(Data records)

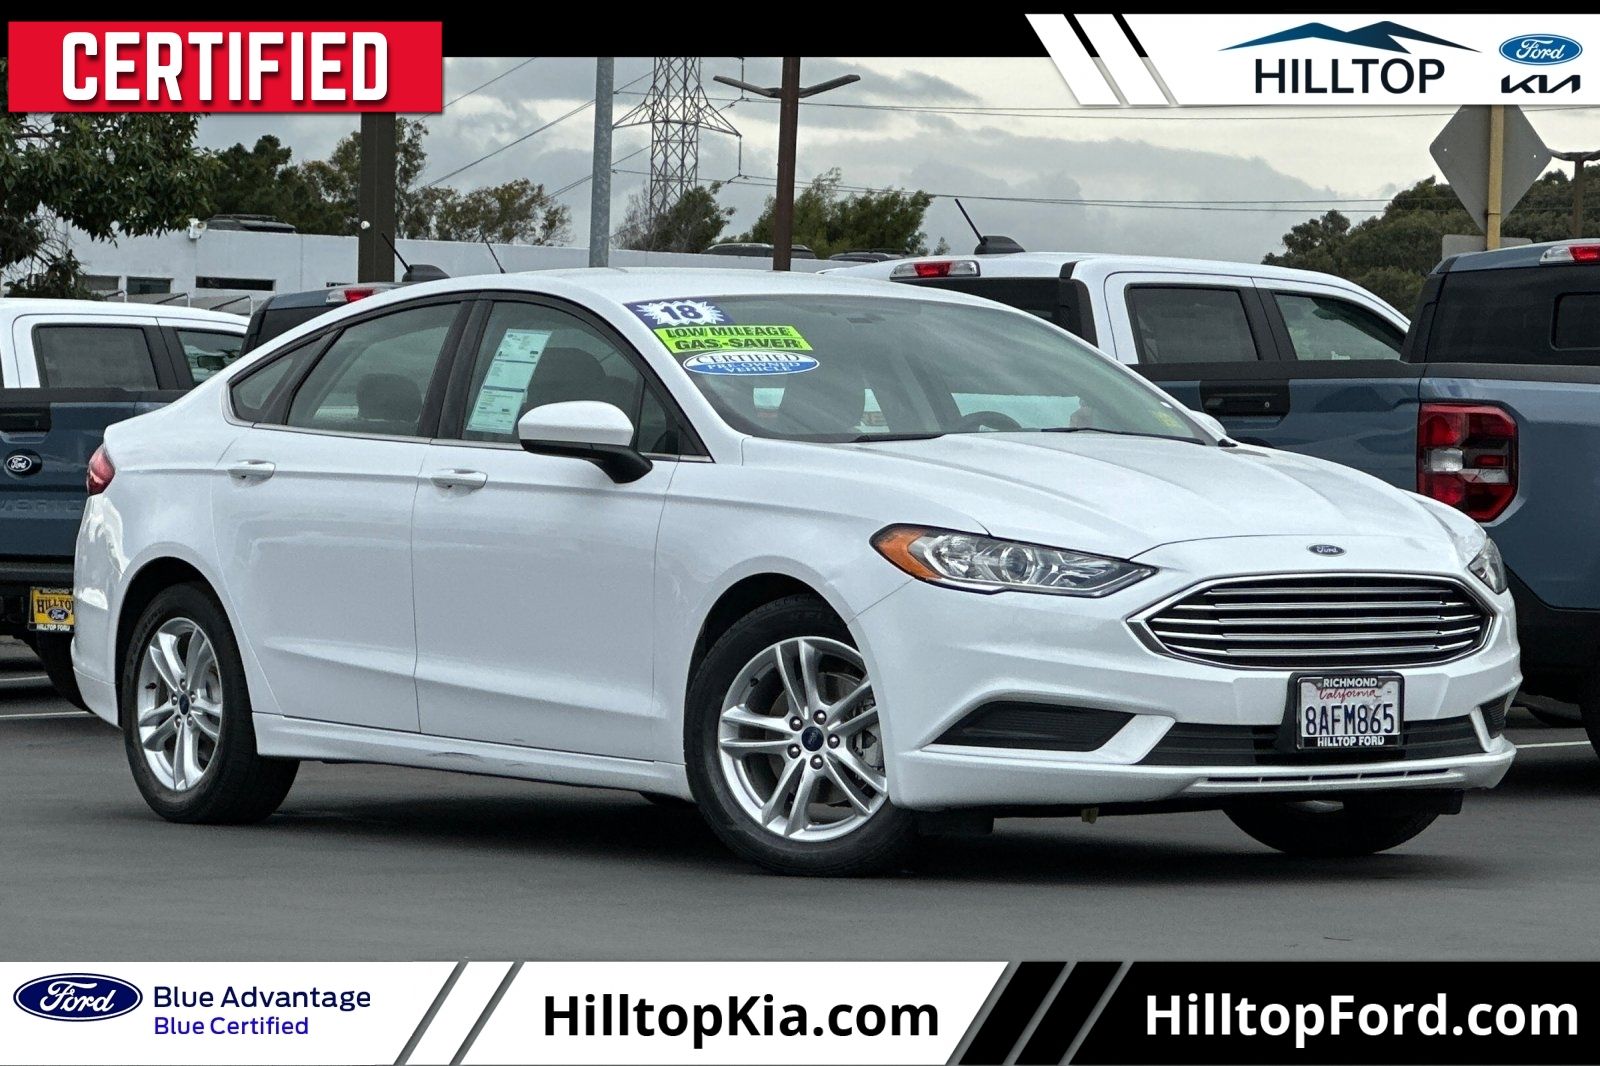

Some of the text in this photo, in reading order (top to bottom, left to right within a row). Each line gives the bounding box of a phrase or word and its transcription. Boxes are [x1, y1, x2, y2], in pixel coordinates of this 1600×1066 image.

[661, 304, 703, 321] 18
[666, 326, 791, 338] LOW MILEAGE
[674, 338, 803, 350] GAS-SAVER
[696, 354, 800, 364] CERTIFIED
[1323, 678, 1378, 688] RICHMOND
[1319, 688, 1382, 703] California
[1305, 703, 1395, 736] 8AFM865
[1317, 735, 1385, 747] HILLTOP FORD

> _PROBLEM STATEMENT_: In your copy, include no pictures, but set down every record exactly.

> _EXERCISE ANSWER_:
Some of the text in this photo, in reading order (top to bottom, left to right within a row). Each line gives the bounding box of a phrase or word and its transcription. Boxes are [x1, y1, x2, y2], in pixel coordinates of this 1600×1066 image.

[661, 304, 703, 321] 18
[666, 326, 791, 338] LOW MILEAGE
[674, 338, 803, 350] GAS-SAVER
[696, 354, 800, 364] CERTIFIED
[1323, 678, 1378, 688] RICHMOND
[1319, 688, 1382, 703] California
[1305, 703, 1395, 736] 8AFM865
[1317, 735, 1385, 747] HILLTOP FORD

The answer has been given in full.